Unternehmen fast aller Branchen stehen unter Druck, ihre Digitalisierung voranzutreiben. Insbesondere an drei zentralen Stellen ergeben sich Herausforderungen: beim Aufbau und der Integration digitaler Kanäle zu ihren Kunden und Partnern, bei agilen und datengetriebenen Vorgehensweisen für die Entwicklung digitaler Angebote und bei der klaren Verankerung der Führungsverantwortung für die digitale Transformation. So lautet das Fazit der Studie zum Thema Digitale Exzellenz, das von Sopra Steria Consulting und der Universität Hamburg erstmals in dieser Tiefe untersucht wurde.

Die Digitalisierung bringt für die Energiebranche und deren IT-Verantwortliche signifikante Veränderungen mit sich. In der Regel orientiert sich die Unternehmens-IT mit ihren Projekten nach innen. Künftig ist es unerlässlich, Kunden und Partner intensiver in die eigenen Prozesse digital einzubinden. Hierzu müssen verschiedene Voraussetzungen erfüllt sein: Einerseits ist für das Massengeschäft eine Standardisierung von Prozessen und Systemen unentbehrlich, um beispielsweise innovative Lösungen in Form von „Software as a Service“ optimal nutzen zu können. Andererseits erwarten Kunden und Partner mehr Services, zum Beispiel Echtzeitangebote für smarte Produkte oder Dienstleistungen im Umfeld von Smart Home und Smart City. Darüber hinaus existiert auf Kundenseite eine große Nachfrage nach mehr Interaktion über soziale Medien. Unternehmen agieren zudem in sich verändernden Wertschöpfungsnetzwerken. Zusammen mit innovativen Partnern entwickeln sie die Fähigkeit für die digitale Integration eigener Lösungen oder Partnerlösungen.

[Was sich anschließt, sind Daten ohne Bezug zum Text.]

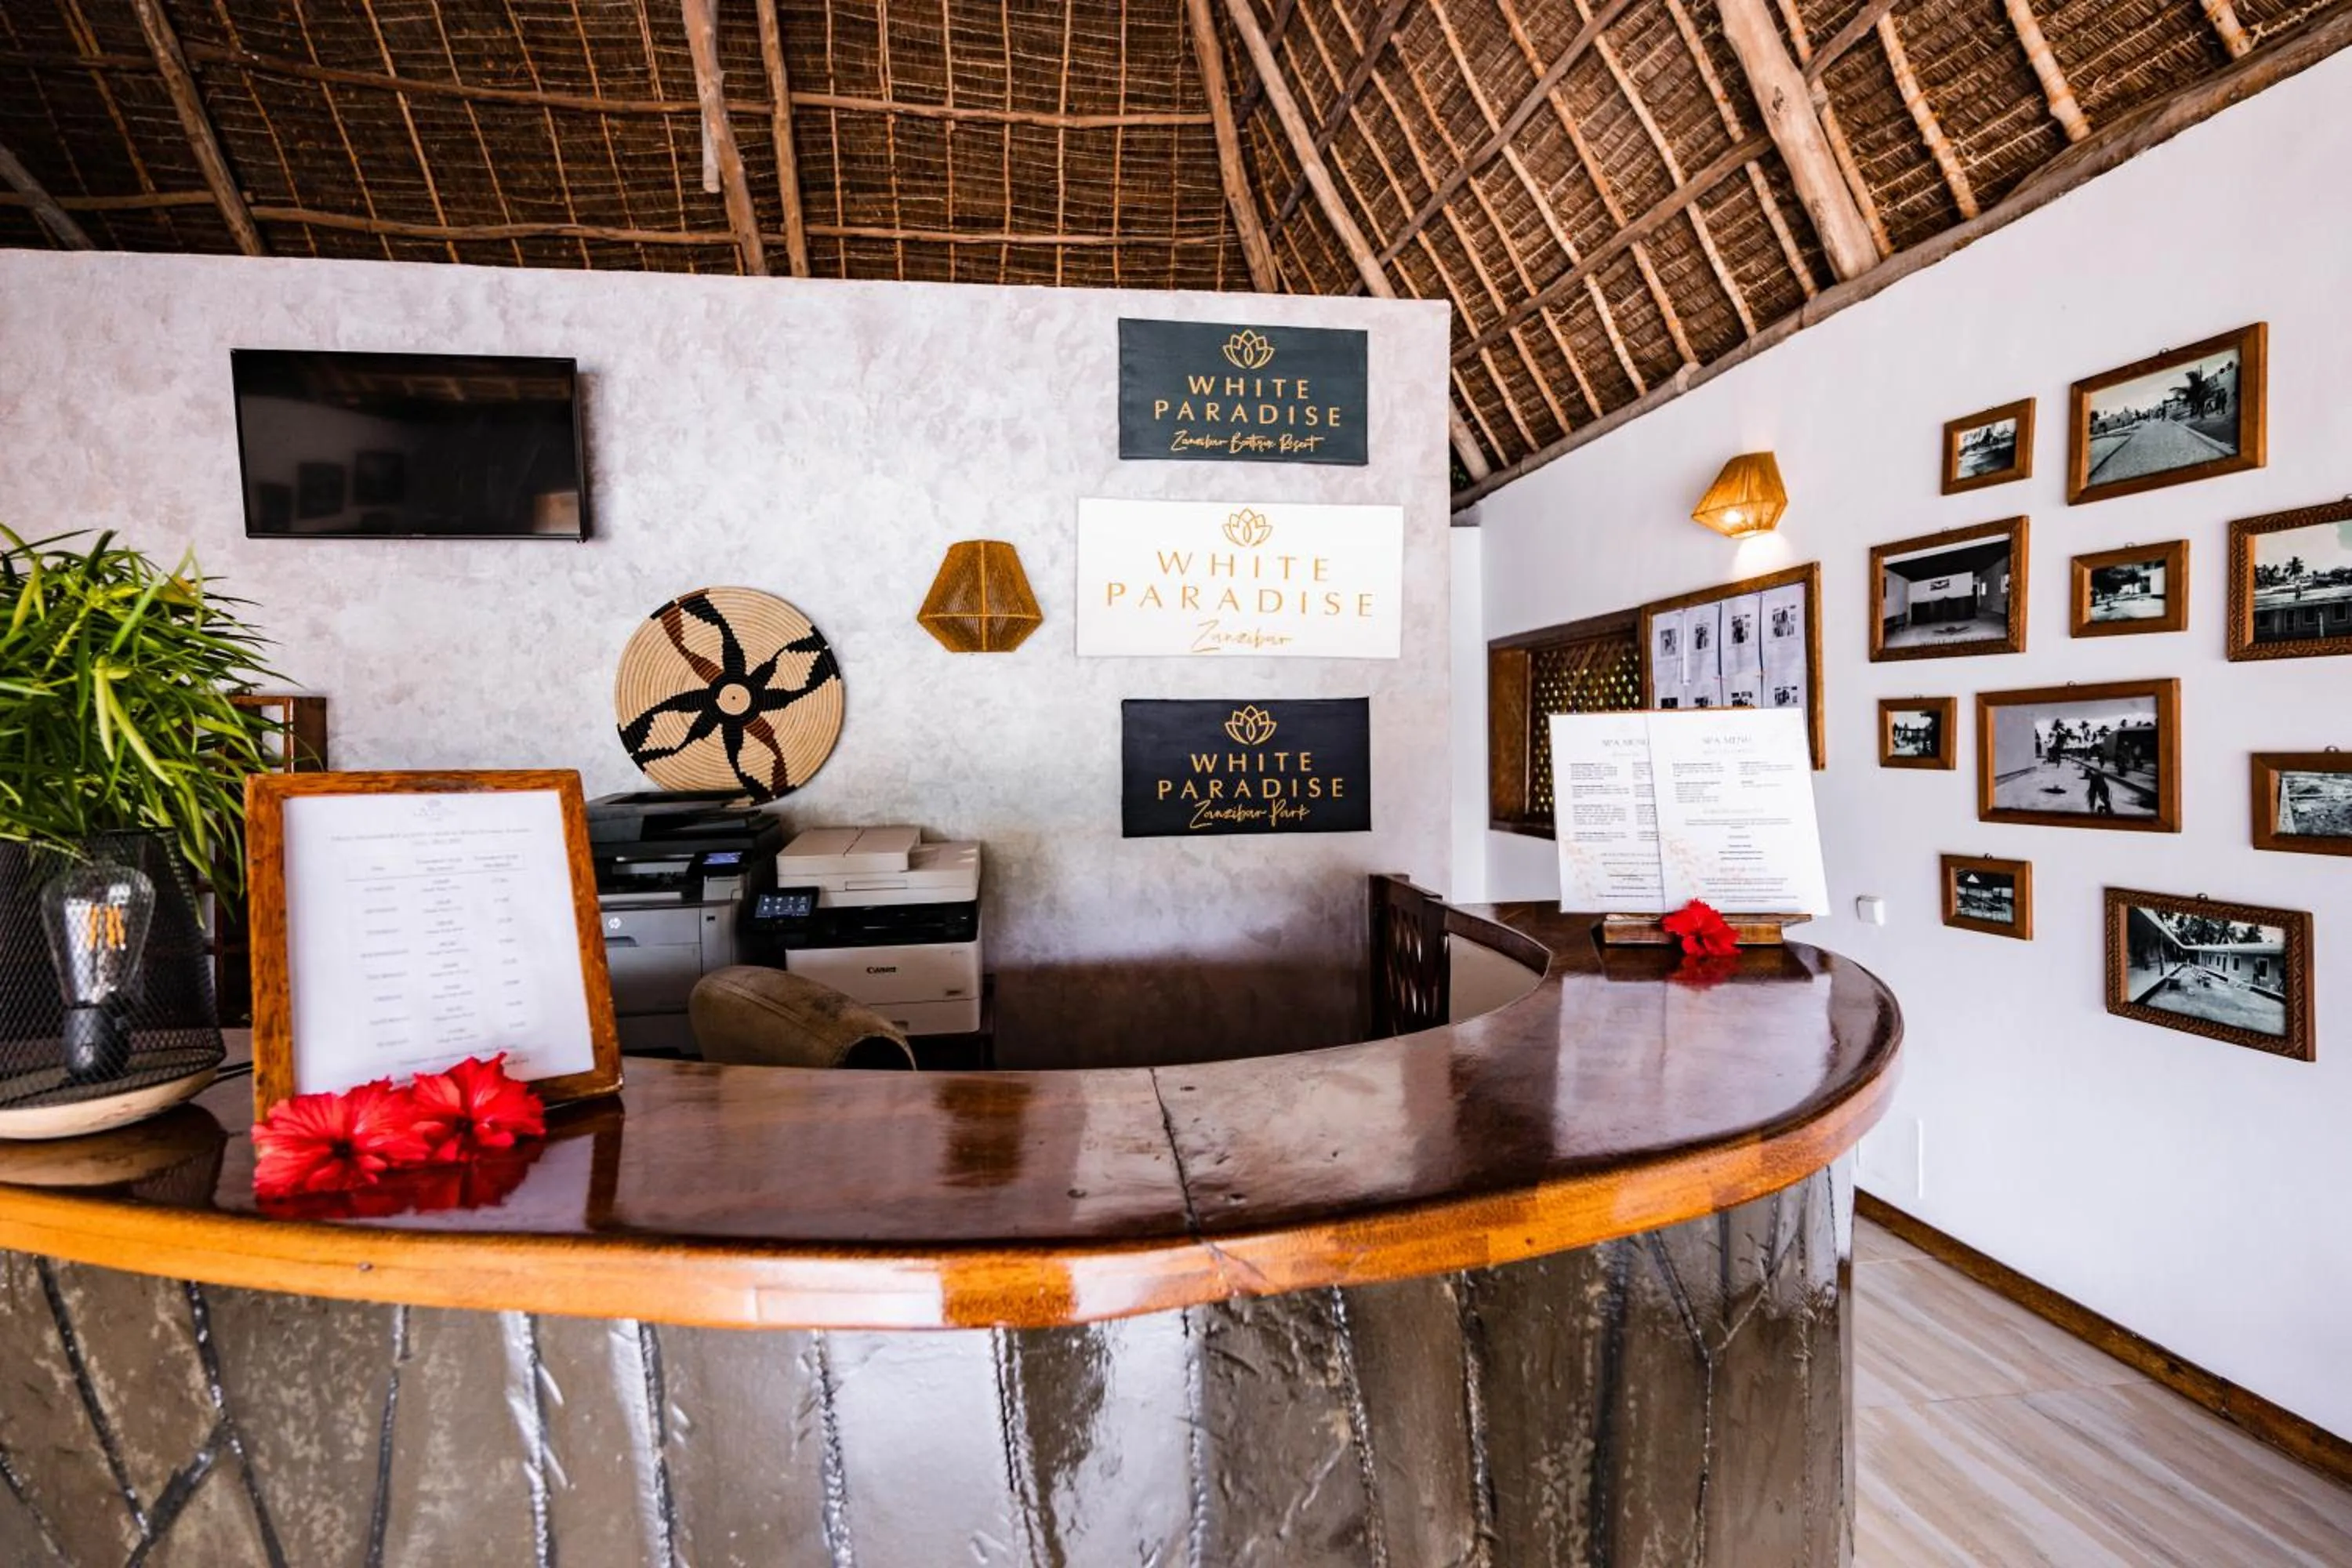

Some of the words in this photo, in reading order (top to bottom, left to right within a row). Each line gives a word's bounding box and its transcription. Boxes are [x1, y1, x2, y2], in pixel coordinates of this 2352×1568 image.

Die Integration von Kunden und Partnern ist jedoch nur erfolgreich, wenn sie mit der Fähigkeit einhergeht, Angebote für die digitale Welt agil zu entwickeln. Die Studie zeigt, dass Unternehmen, die sich bei der Digitalen Exzellenz besser einschätzen, schneller und systematischer aus Daten Schlüsse für die Weiterentwicklung ihrer digitalen Angebote und Kanäle ziehen als schlechter aufgestellte.

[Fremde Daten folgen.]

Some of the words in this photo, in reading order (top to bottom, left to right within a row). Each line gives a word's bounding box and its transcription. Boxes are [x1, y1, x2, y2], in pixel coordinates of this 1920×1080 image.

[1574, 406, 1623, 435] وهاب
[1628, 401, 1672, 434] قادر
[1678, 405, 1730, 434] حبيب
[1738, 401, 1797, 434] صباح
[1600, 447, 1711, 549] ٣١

Bei dieser datengetriebenen Agilität stellen sich zwei generelle Herausforderungen. Zum einen müssen Unternehmen Daten aus verschiedensten Quellen sammeln, systematisch auswerten und zur Entscheidungsfindung wieder in die Prozesse einfließen lassen. Ein solches datengetriebenes Vorgehen ist Kern der Entwicklung neuer digitaler Angebote. Zum anderen steht mit zunehmender Digitalisierung die Agilität des gesamten Unternehmens auf dem Prüfstand. Denn neue Anforderungen und Ideen müssen schnell realisiert werden, damit die Erwartungshaltung von Kunden und Partnern erfüllt wird. Die Kür besteht darin, beide Disziplinen optimal miteinander zu verzahnen, um smarte Produkte und Dienstleistungen agil und datengetrieben anbieten zu können.

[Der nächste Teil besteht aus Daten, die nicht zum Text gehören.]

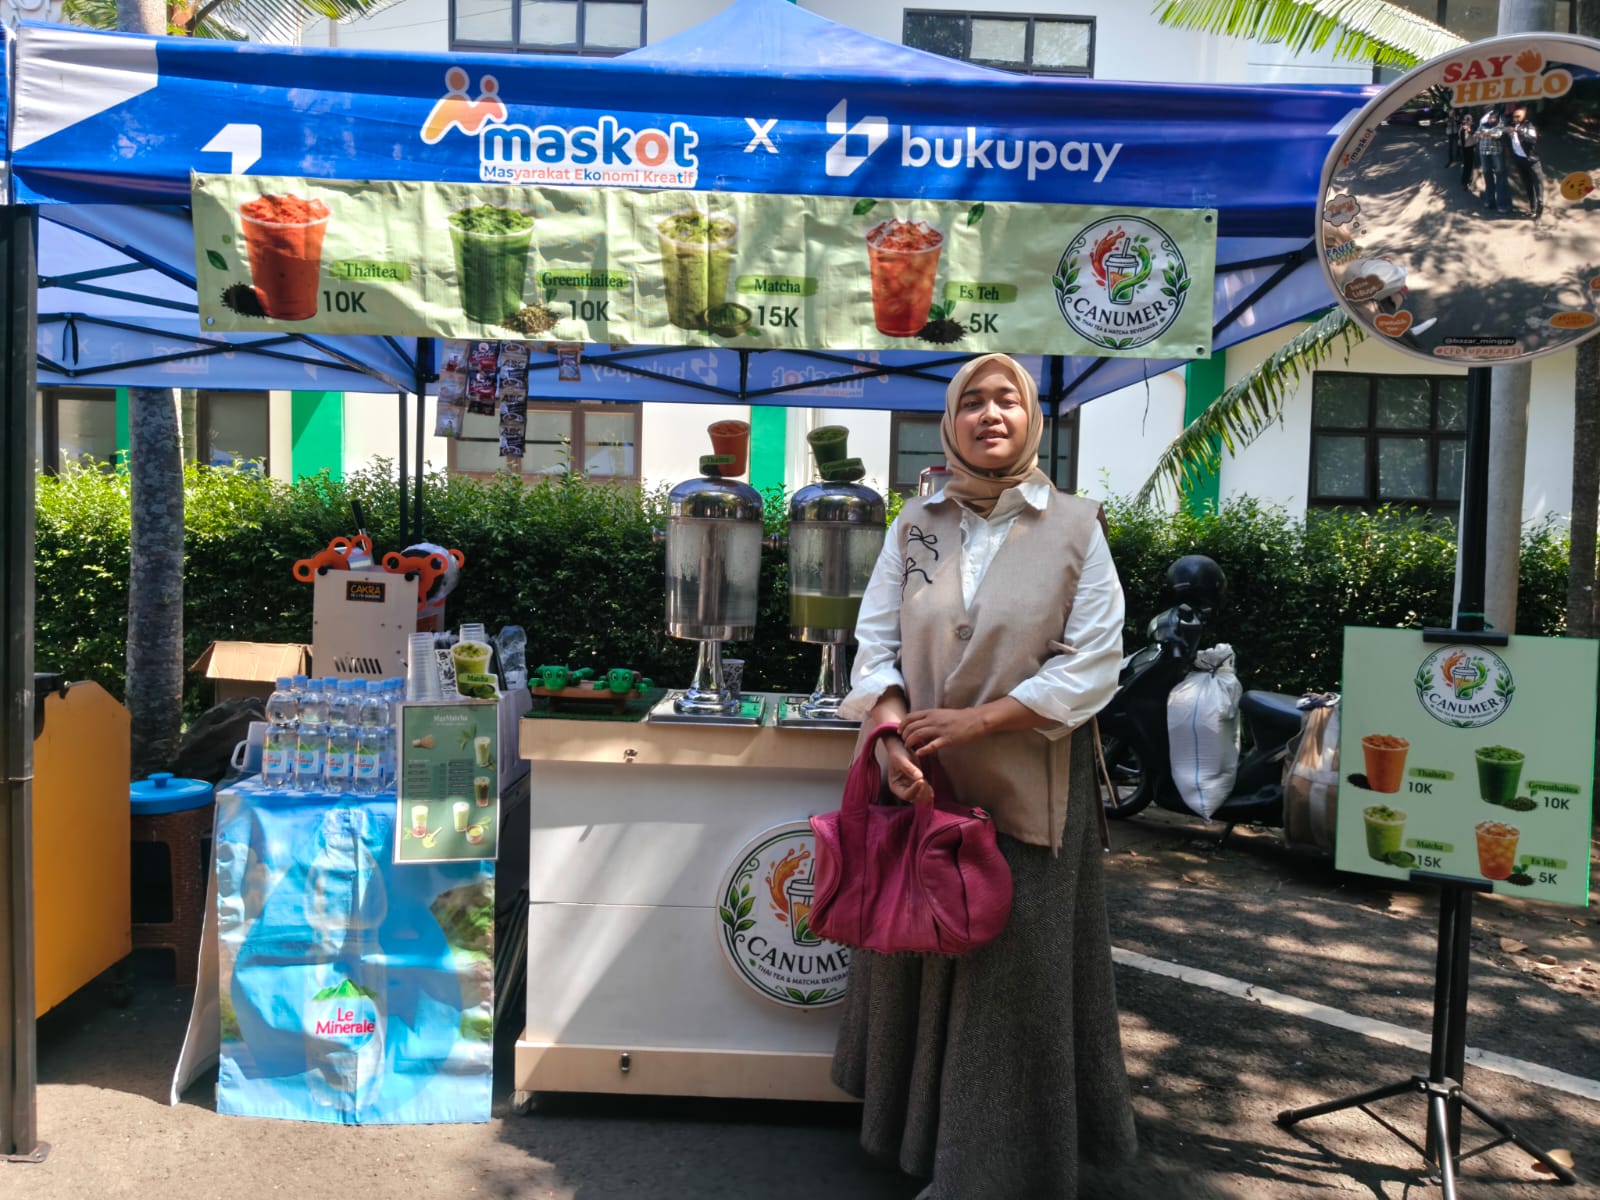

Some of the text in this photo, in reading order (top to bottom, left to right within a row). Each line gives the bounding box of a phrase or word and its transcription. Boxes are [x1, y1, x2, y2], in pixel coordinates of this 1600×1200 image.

[1443, 55, 1512, 83] SAY
[1455, 72, 1569, 104] HELLO
[482, 118, 696, 168] maskot
[902, 125, 1123, 182] bukupay
[484, 165, 694, 184] Masyarakat Ekonomi Kreatif
[344, 262, 397, 278] Thaitea
[542, 271, 623, 288] Greenthaitea
[754, 278, 801, 293] Matcha
[960, 285, 1000, 300] Es Teh
[323, 290, 367, 313] 10K
[569, 300, 610, 322] 10K
[758, 305, 799, 328] 15K
[1073, 298, 1168, 326] CANUMER
[969, 312, 999, 333] 5K
[1429, 693, 1500, 714] CANUMER
[1408, 781, 1433, 794] 10K
[1544, 796, 1570, 810] 10K
[1417, 854, 1441, 869] 15K
[1538, 872, 1558, 884] 5K
[747, 936, 851, 974] CANUME
[758, 964, 773, 977] THAI
[773, 973, 785, 981] TEA
[821, 971, 849, 984] BEVERA
[337, 1007, 354, 1021] Le
[315, 1019, 375, 1034] Minerale

Die Digitalisierung hat auch unternehmenskulturelle Implikationen: Die Unternehmensleitung muss sich darauf einlassen, von Daten „geführt zu werden“ und diese über Entscheidungsprozesse bestimmen zu lassen. Gleichzeitig ist auch eine „digitale Führung“ wichtig, indem die Geschäftsleitung die Digitalisierung durch eine klare Verantwortung unterstützt und durch geplante Organisations- und Kulturtransformation für das Fundament der Digitalen Exzellenz sorgt.